On January 20, 2000, the U.S. District Court of the Southern District of New York Court issued an injunction against Eric Corley (a.k.a., "Emmanuel Goldstein"), his company, 2600 Enterprises, its Web site and 2 other Web sites, prohibiting them from posting the DeCSS utility. The DeCSS utility allows users to illegally decrypt the copy protection program (CSS) on DVDs so that they can be copied. DeCSS is an anti-circumvention device that is prohibited under the Digital Millennium Copyright Act.

In its petition to the court, the MPAA member companies noted that although Corley is no longer directly posting DeCSS on his Web site, www.2600.com, he is continuing to violate federal law by creating hyperlinks to other unlawful postings. Corley has exhorted visitors to his Web site to post the program as broadly as possible and to help him create hyperlinks to it.
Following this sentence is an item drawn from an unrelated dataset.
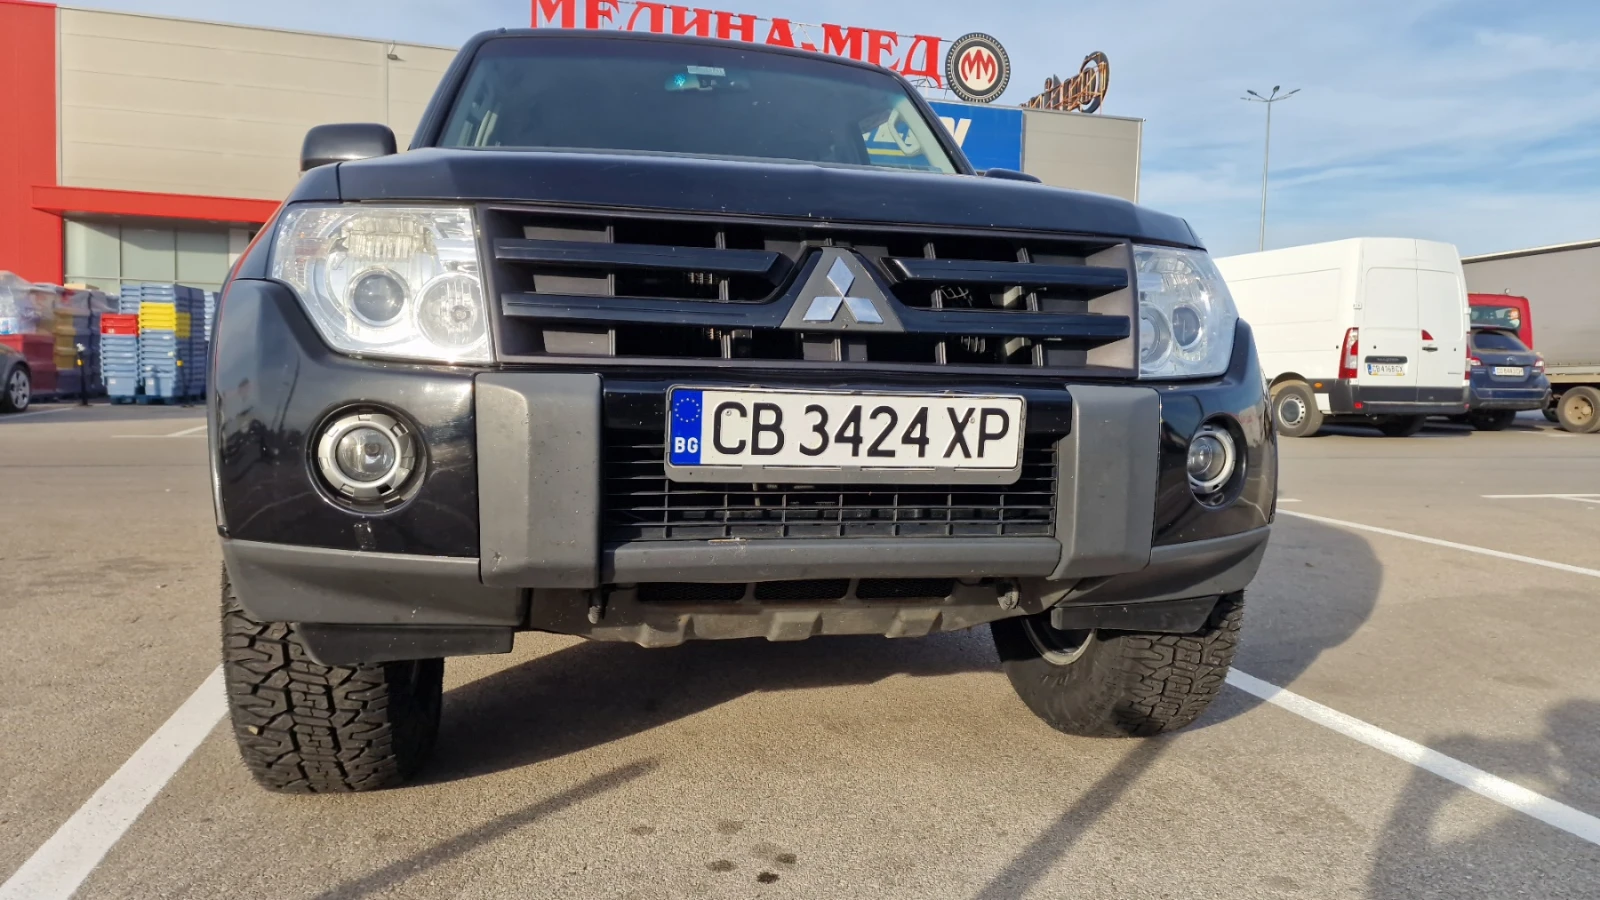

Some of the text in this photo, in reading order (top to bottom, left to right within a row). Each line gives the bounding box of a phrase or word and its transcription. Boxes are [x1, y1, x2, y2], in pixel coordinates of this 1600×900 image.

[674, 436, 699, 454] BG
[712, 401, 1010, 459] CB 3424 XP
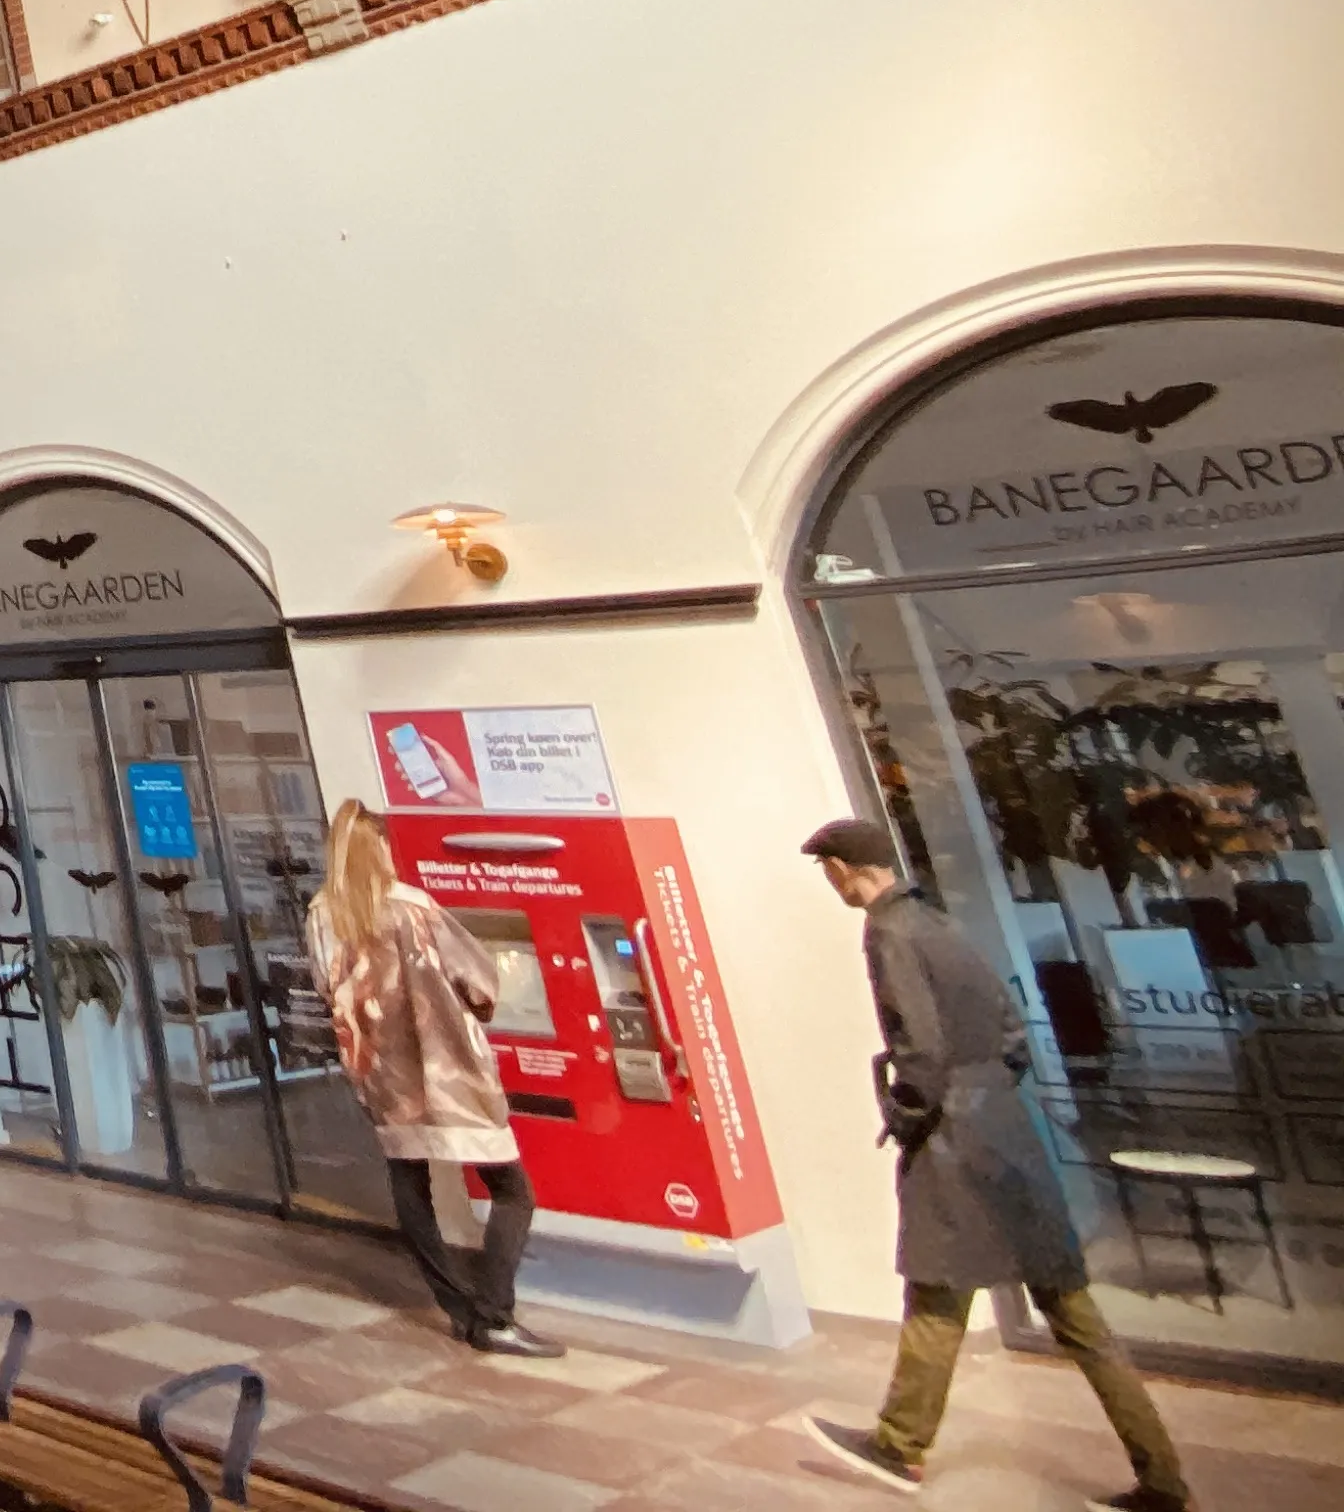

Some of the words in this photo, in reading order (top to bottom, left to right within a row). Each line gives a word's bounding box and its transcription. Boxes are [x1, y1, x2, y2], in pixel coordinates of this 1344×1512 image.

Thus, he is indirectly accomplishing what he has been enjoined from doing directly—trafficking in software that circumvents copy protection. To date, there are over 300 hyperlinks to the DeCSS utility on his web site.

A hyperlink takes a computer user from one site on the Internet to a second location on the Internet. Users can click on a hyperlink to follow a "hard-wired" path to the data he or she seeks.

"The defendant seems determined to evade the Court's order," said Jack Valenti, President and CEO of MPAA. "He is transporting individuals electronically to locations in order to facilitate the illegal copying of DVDs. His behavior is analogous to driving someone to a home so that they may burglarize the home. Consumers, creators and anyone else who cherishes their right to protect what they own should take a keen interest in this case."

Illegal copying of DVDs poses a serious threat to the motion picture industry, which already loses $2 ½ billion each year to piracy of copyrighted motion pictures. DVD piracy is even more ominous because DVDs contain digital information, meaning that copies do not lose quality with each successive generation. The 1000th copy of a DVD is as pristine as the original. Moreover, the digital information on DVDs can be widely transmitted over the Internet or stored in computer memory, especially as bandwidth grows and processor speeds increase.

Mark Litvack, MPAA Vice President and Director of Legal Affairs, Worldwide Anti-Piracy, also commented on today’s petition: "Since the court issued its preliminary injunction, defendant Corley has expanded his activities to encourage others to proliferate DeCSS. This motion is about modifying the Court's injunction to cover the hyperlinking activity in order to curtail effort’s to evade the Court's prior order."